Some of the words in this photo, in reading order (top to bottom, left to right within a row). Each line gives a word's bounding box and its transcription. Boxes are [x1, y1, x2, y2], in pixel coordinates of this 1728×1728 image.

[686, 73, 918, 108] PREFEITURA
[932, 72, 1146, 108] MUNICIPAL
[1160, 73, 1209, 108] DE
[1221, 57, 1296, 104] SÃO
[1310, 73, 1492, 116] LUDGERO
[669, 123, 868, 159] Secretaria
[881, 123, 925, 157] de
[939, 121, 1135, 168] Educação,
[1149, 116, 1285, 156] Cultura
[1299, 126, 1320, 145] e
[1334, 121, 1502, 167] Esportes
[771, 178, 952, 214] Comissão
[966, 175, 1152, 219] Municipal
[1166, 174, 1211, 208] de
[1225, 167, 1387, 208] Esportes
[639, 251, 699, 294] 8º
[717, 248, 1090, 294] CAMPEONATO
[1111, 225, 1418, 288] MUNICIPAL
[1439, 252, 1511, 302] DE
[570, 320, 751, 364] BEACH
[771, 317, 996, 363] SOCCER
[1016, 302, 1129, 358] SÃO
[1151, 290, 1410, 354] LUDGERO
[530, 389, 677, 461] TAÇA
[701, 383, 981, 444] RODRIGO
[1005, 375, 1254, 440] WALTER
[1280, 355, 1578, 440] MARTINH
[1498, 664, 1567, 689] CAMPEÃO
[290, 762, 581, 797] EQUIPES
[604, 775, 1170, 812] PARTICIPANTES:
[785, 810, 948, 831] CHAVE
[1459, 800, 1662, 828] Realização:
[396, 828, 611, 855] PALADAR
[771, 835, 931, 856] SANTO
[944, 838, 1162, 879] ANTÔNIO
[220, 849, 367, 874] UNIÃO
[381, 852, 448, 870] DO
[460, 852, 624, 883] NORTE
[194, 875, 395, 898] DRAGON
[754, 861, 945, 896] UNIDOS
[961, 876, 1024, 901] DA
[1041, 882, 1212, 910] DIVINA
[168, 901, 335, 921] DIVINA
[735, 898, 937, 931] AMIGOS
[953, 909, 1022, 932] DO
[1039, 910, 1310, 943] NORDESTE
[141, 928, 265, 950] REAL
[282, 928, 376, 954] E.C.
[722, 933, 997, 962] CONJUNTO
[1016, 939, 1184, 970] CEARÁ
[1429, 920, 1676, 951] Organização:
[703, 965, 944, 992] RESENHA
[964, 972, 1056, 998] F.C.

= = = =

== Exercise brief ==
Pull every line containing the word "LUDGERO" out of the listing.

== Solution ==
[1310, 73, 1492, 116] LUDGERO
[1151, 290, 1410, 354] LUDGERO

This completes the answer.